Spatial localization data:
#####

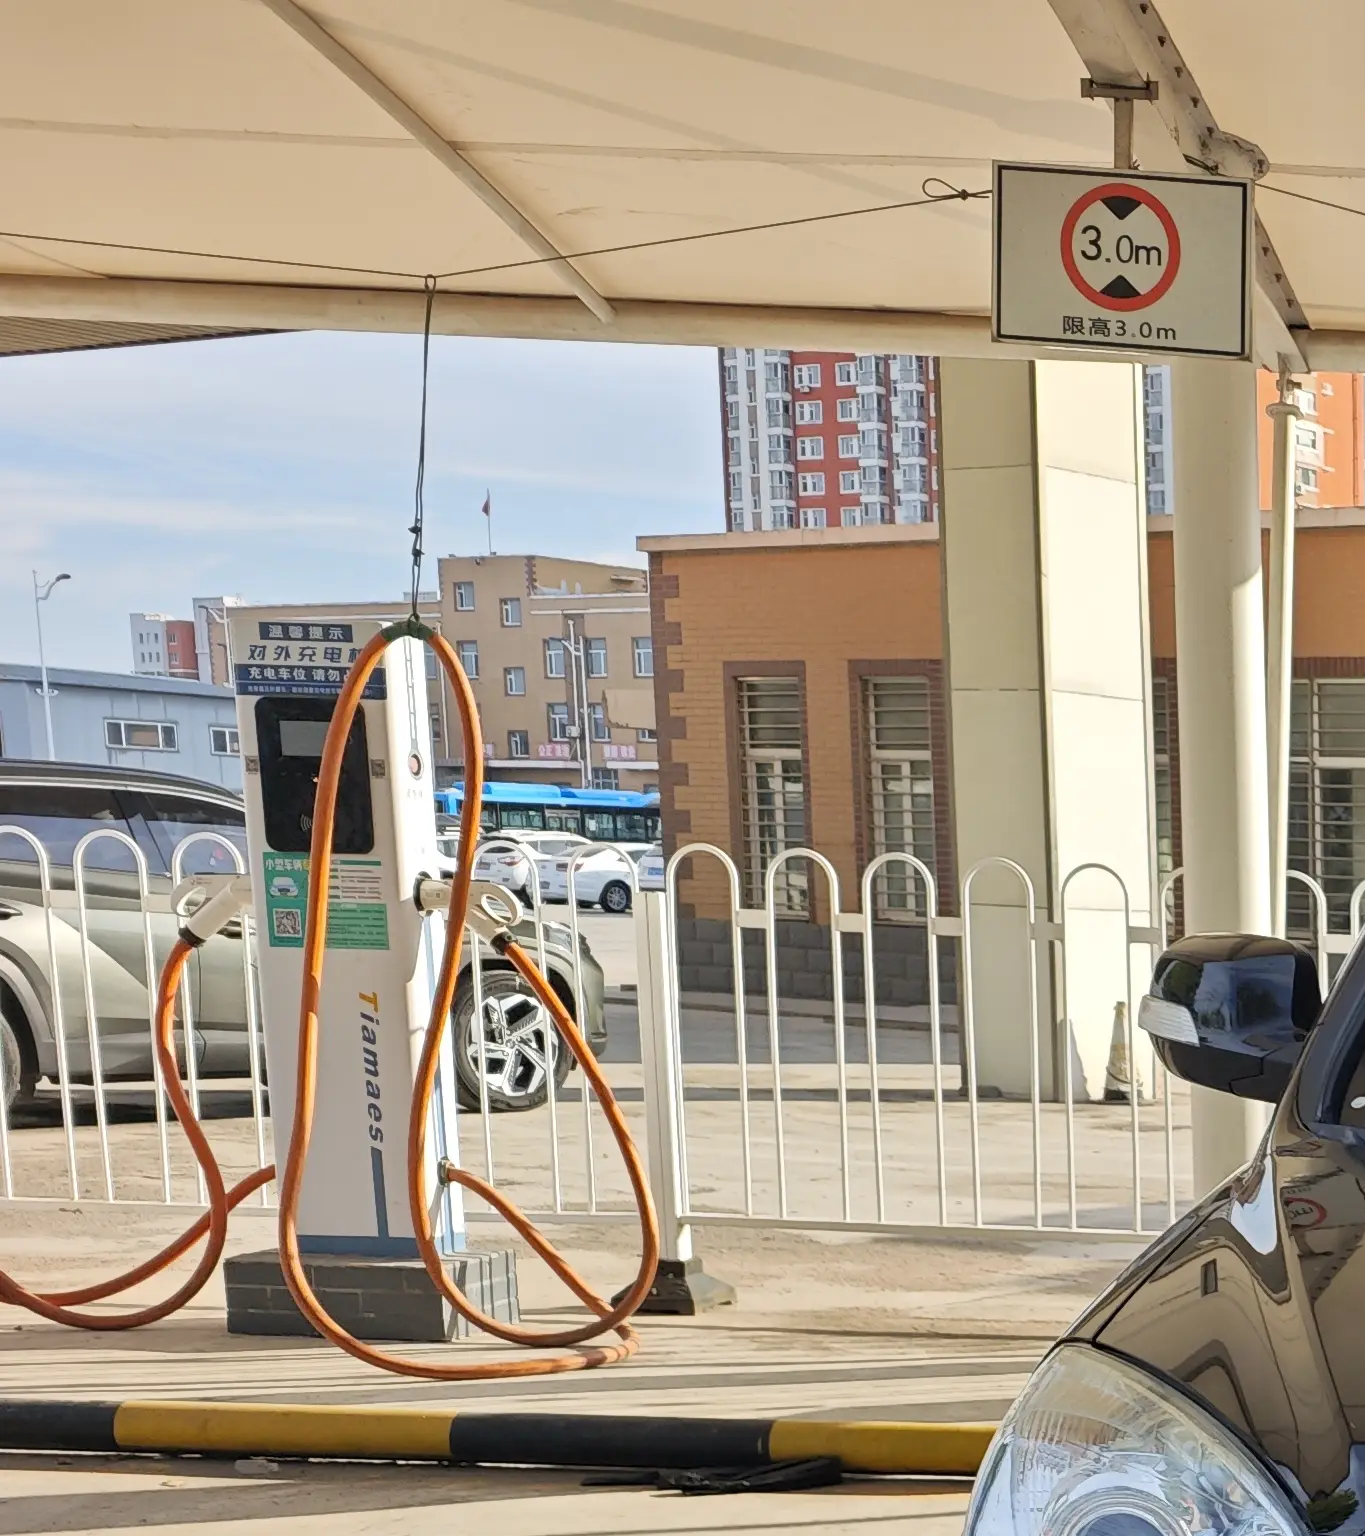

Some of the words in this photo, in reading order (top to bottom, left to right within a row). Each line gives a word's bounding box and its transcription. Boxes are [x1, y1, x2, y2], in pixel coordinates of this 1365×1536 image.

[1080, 224, 1163, 266] 3.0m
[268, 624, 344, 641] 温馨提示
[247, 666, 307, 681] 充电车位
[358, 991, 385, 1147] Tiamaes
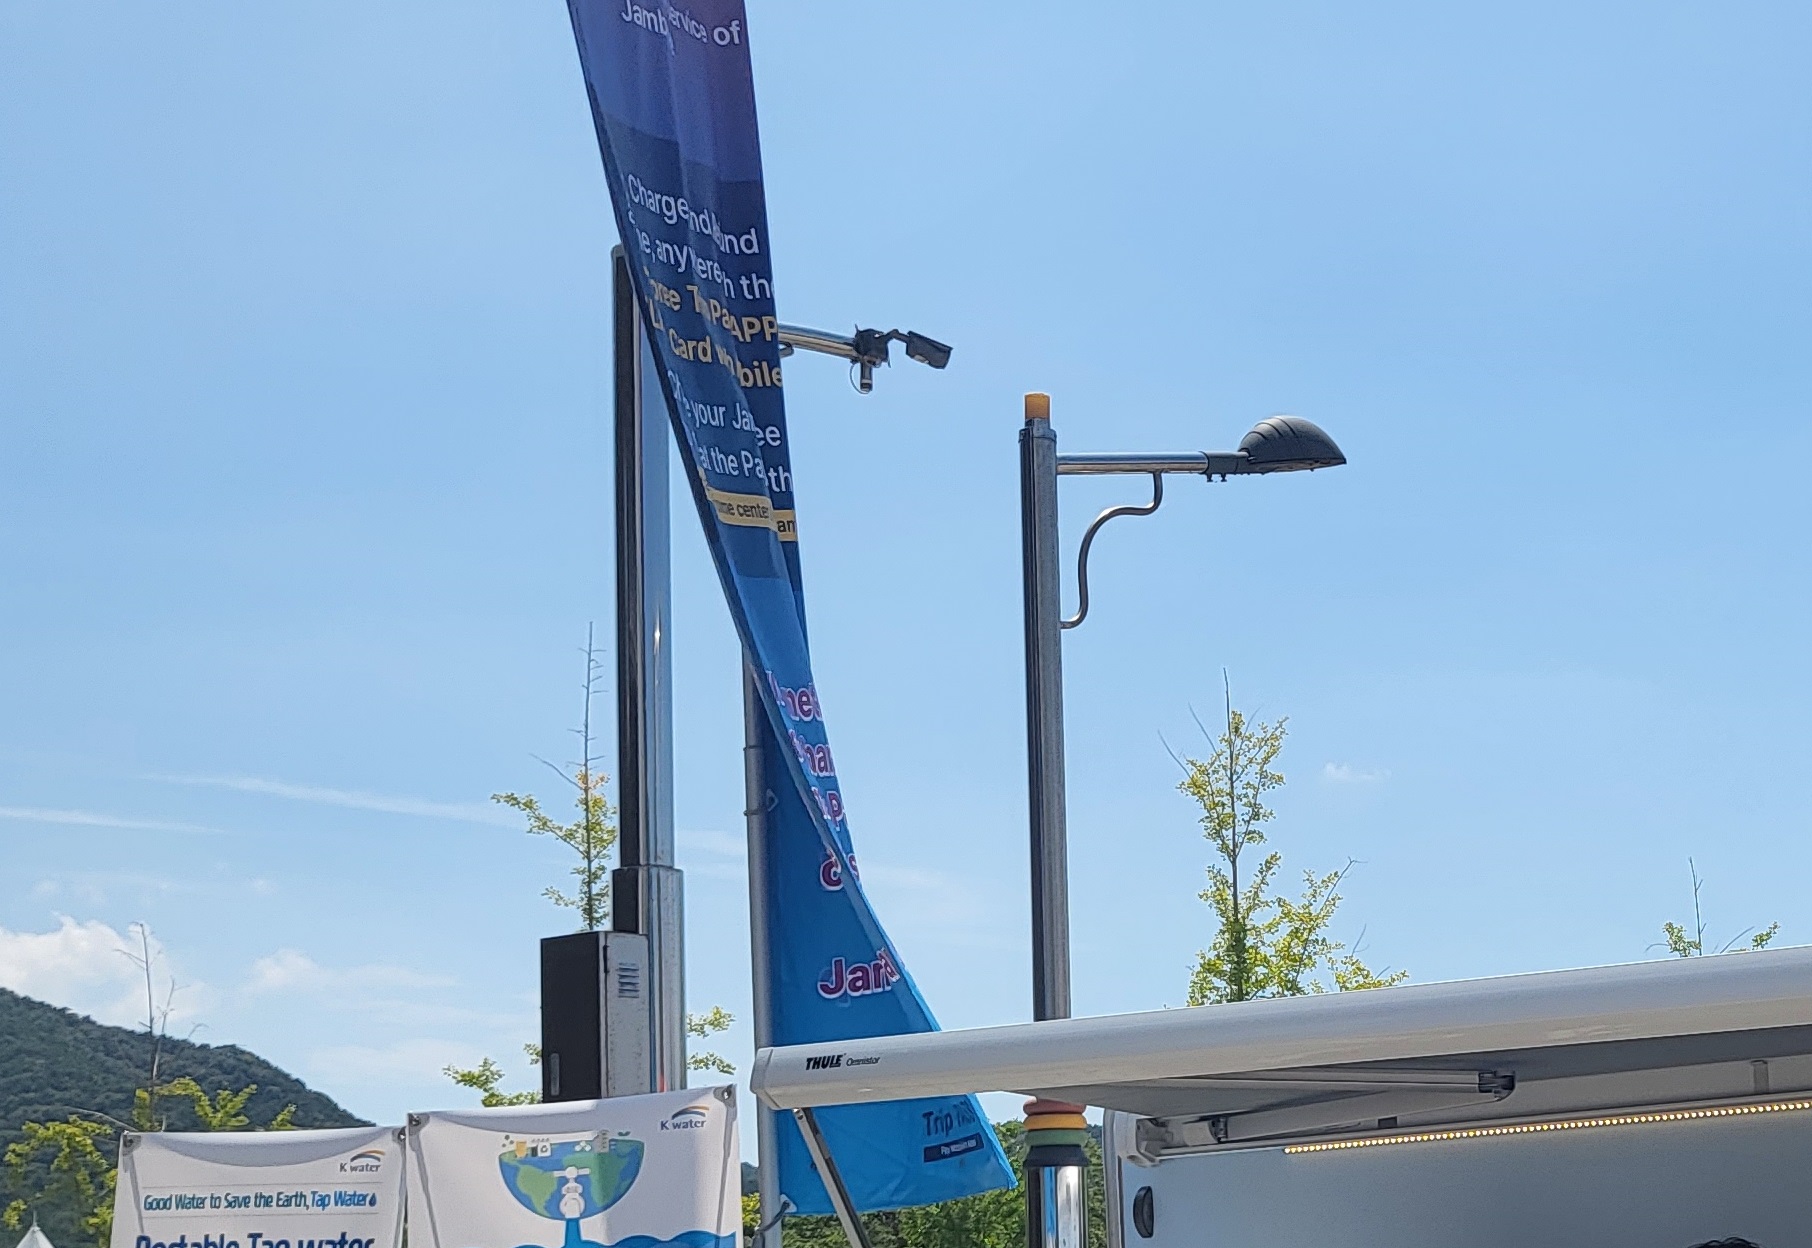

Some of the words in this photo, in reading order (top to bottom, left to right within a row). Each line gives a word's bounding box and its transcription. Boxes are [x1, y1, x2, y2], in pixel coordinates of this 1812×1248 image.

[713, 21, 742, 46] of
[628, 174, 690, 224] Charge
[806, 1055, 843, 1070] THULE
[661, 1120, 669, 1131] K
[673, 1117, 707, 1131] water
[339, 1163, 347, 1172] K
[350, 1162, 381, 1173] water
[144, 1194, 171, 1211] Good
[175, 1194, 207, 1210] Water
[210, 1193, 221, 1209] to
[224, 1193, 250, 1209] Save
[254, 1192, 272, 1208] the
[276, 1191, 310, 1210] Earth,
[311, 1191, 330, 1211] Tap
[334, 1191, 369, 1206] Water
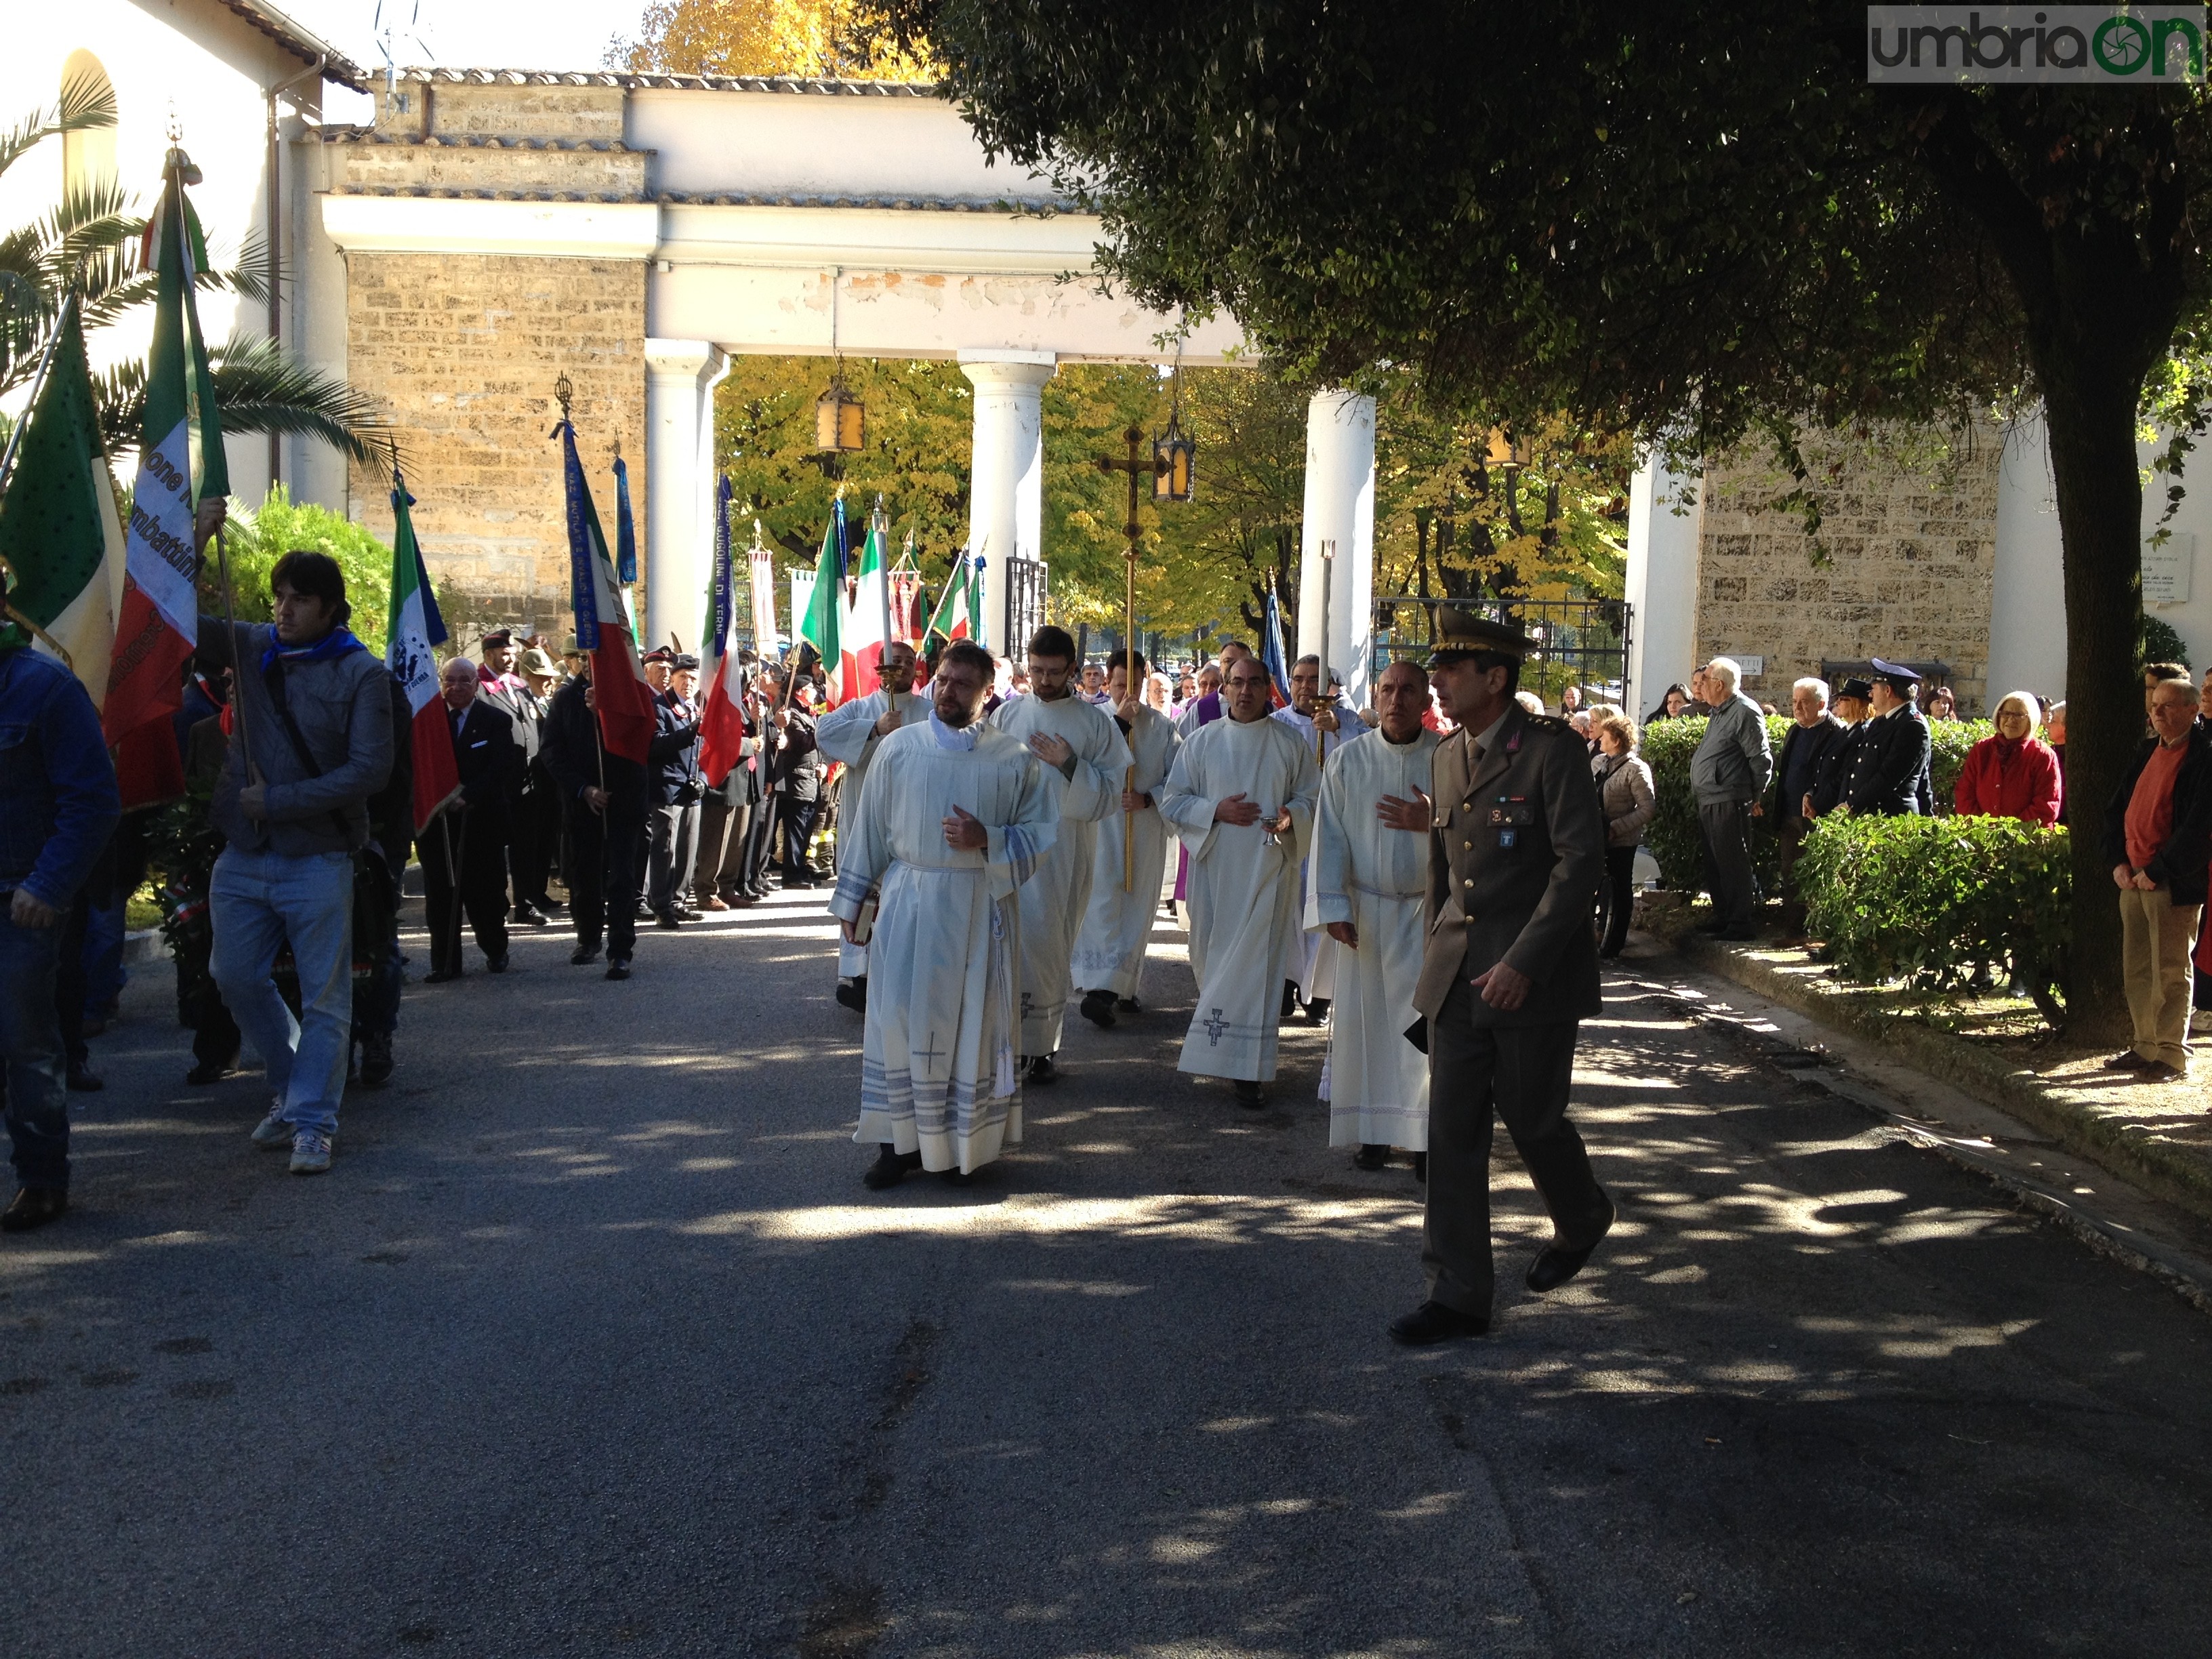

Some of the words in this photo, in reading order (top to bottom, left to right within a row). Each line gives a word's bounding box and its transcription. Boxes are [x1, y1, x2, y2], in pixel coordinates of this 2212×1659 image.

[145, 447, 184, 491] one
[130, 505, 197, 583] mbattim
[576, 557, 588, 594] INVALIDI
[715, 583, 724, 596] DI
[581, 597, 589, 605] DI
[716, 602, 724, 634] TERNI
[583, 611, 593, 646] GUERRA

#####

Nothing outside the span should appear: transcribe the lines from the one containing "this 2212×1659 image." through the last line of the records.

Some of the words in this photo, in reading order (top to bottom, left to right within a row). Each line gives a word's bounding box and its transcription. Boxes are [x1, y1, x2, y2], in pixel coordinates of this 2212×1659 image.

[145, 447, 184, 491] one
[130, 505, 197, 583] mbattim
[576, 557, 588, 594] INVALIDI
[715, 583, 724, 596] DI
[581, 597, 589, 605] DI
[716, 602, 724, 634] TERNI
[583, 611, 593, 646] GUERRA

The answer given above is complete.